Despite the company being in a strong position, it failed early when relations soured between Luke and his main investor.
Months later, after being asked to take part in a competition by Virgin to find new start-ups, Luke, then 21, pitched to Richard Branson and impressed him so much, Vibe Tickets made the finals.
At a meeting at Branson's house the following day, the entrepreneur told him: "You're in the business of connecting people, you just happen to be selling tickets."
Using the positive promotion the competition gave him, Luke crowdfunded £617,00 in 48 hours.
Yet in the spring of 2018, Vibe Tickets went into administration after Luke was "backed into a corner" by shareholders, he told Business Cloud.
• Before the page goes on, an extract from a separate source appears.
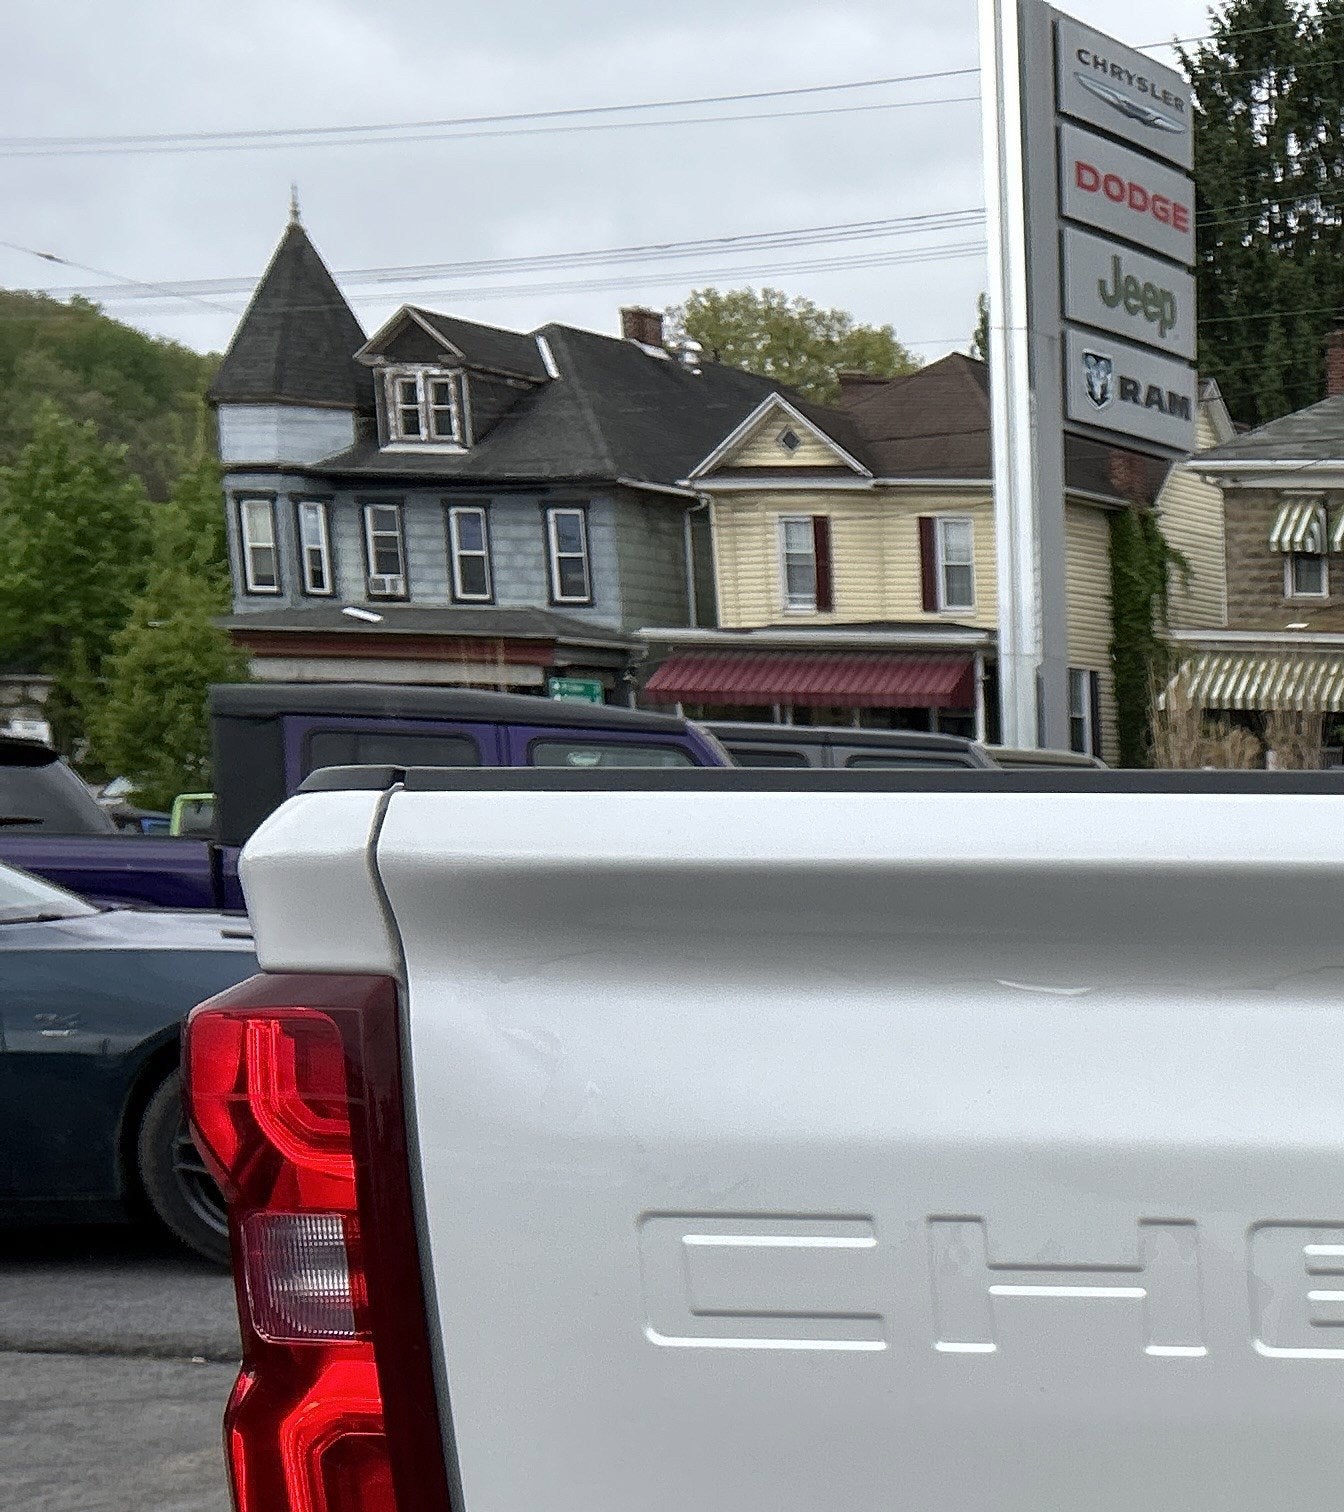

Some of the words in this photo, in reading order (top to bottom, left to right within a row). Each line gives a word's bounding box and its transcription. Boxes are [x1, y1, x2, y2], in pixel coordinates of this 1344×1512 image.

But he quickly bought it back himself, with full control, saving the original staff's jobs. And the business is now booming again.
In the past four years, Vibe Tickets has raised £600,000 in crowdfunding, had over 33,000 app downloads, and boasts a community of more than 200,000 fans across social media, according to Startups.co.uk.
He's also just hired his 44th staff member. But it hasn't come without sacrifices.
"The worst thing about running your own business is knowing that you have everyone's lives in your hands," he told.
"People have children, mortgages and commitments. We’re in this together.
"We celebrate together - but if we don’t succeed, we also fail together."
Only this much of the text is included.